**RECORDS FOR THIS EXERCISE:**

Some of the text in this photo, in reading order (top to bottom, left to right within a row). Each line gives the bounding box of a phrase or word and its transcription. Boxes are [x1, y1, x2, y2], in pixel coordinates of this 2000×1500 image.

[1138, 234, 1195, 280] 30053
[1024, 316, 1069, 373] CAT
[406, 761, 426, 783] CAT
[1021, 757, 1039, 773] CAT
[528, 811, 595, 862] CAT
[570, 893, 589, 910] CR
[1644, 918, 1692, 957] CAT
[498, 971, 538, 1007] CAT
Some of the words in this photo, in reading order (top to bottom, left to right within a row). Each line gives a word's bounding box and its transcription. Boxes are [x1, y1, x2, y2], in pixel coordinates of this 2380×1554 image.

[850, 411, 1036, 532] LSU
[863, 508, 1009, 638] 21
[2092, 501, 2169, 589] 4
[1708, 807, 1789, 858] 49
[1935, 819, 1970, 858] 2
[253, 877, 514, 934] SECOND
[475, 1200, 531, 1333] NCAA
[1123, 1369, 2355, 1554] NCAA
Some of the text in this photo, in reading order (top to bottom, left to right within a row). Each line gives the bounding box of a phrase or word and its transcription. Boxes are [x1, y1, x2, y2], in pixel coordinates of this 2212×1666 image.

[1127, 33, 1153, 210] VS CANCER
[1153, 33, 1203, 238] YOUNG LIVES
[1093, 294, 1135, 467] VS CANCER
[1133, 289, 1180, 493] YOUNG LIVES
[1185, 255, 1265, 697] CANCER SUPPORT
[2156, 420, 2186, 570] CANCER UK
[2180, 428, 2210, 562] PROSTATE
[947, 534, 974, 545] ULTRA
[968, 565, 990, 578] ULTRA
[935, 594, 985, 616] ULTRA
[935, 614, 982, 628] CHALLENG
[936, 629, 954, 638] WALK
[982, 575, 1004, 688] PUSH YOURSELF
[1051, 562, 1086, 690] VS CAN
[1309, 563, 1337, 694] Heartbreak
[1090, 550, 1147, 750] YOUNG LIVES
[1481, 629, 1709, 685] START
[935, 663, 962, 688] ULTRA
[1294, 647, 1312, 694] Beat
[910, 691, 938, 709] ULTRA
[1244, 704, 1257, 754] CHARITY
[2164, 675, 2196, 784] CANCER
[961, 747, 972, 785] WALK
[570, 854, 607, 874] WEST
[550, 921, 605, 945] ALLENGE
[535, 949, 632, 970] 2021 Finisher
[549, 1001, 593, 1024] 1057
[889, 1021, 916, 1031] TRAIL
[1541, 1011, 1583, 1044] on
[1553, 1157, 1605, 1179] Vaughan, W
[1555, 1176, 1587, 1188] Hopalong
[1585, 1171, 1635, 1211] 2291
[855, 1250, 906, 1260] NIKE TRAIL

**WHAT YOU HAVE TO DO:** Every entry in the data should be returned exactly.

**WRITTEN ANSWER:**
Some of the text in this photo, in reading order (top to bottom, left to right within a row). Each line gives the bounding box of a phrase or word and its transcription. Boxes are [x1, y1, x2, y2], in pixel coordinates of this 2000×1500 image.

[1138, 234, 1195, 280] 30053
[1024, 316, 1069, 373] CAT
[406, 761, 426, 783] CAT
[1021, 757, 1039, 773] CAT
[528, 811, 595, 862] CAT
[570, 893, 589, 910] CR
[1644, 918, 1692, 957] CAT
[498, 971, 538, 1007] CAT
Some of the words in this photo, in reading order (top to bottom, left to right within a row). Each line gives a word's bounding box and its transcription. Boxes are [x1, y1, x2, y2], in pixel coordinates of this 2380×1554 image.

[850, 411, 1036, 532] LSU
[863, 508, 1009, 638] 21
[2092, 501, 2169, 589] 4
[1708, 807, 1789, 858] 49
[1935, 819, 1970, 858] 2
[253, 877, 514, 934] SECOND
[475, 1200, 531, 1333] NCAA
[1123, 1369, 2355, 1554] NCAA
Some of the text in this photo, in reading order (top to bottom, left to right within a row). Each line gives the bounding box of a phrase or word and its transcription. Boxes are [x1, y1, x2, y2], in pixel coordinates of this 2212×1666 image.

[1127, 33, 1153, 210] VS CANCER
[1153, 33, 1203, 238] YOUNG LIVES
[1093, 294, 1135, 467] VS CANCER
[1133, 289, 1180, 493] YOUNG LIVES
[1185, 255, 1265, 697] CANCER SUPPORT
[2156, 420, 2186, 570] CANCER UK
[2180, 428, 2210, 562] PROSTATE
[947, 534, 974, 545] ULTRA
[968, 565, 990, 578] ULTRA
[935, 594, 985, 616] ULTRA
[935, 614, 982, 628] CHALLENG
[936, 629, 954, 638] WALK
[982, 575, 1004, 688] PUSH YOURSELF
[1051, 562, 1086, 690] VS CAN
[1309, 563, 1337, 694] Heartbreak
[1090, 550, 1147, 750] YOUNG LIVES
[1481, 629, 1709, 685] START
[935, 663, 962, 688] ULTRA
[1294, 647, 1312, 694] Beat
[910, 691, 938, 709] ULTRA
[1244, 704, 1257, 754] CHARITY
[2164, 675, 2196, 784] CANCER
[961, 747, 972, 785] WALK
[570, 854, 607, 874] WEST
[550, 921, 605, 945] ALLENGE
[535, 949, 632, 970] 2021 Finisher
[549, 1001, 593, 1024] 1057
[889, 1021, 916, 1031] TRAIL
[1541, 1011, 1583, 1044] on
[1553, 1157, 1605, 1179] Vaughan, W
[1555, 1176, 1587, 1188] Hopalong
[1585, 1171, 1635, 1211] 2291
[855, 1250, 906, 1260] NIKE TRAIL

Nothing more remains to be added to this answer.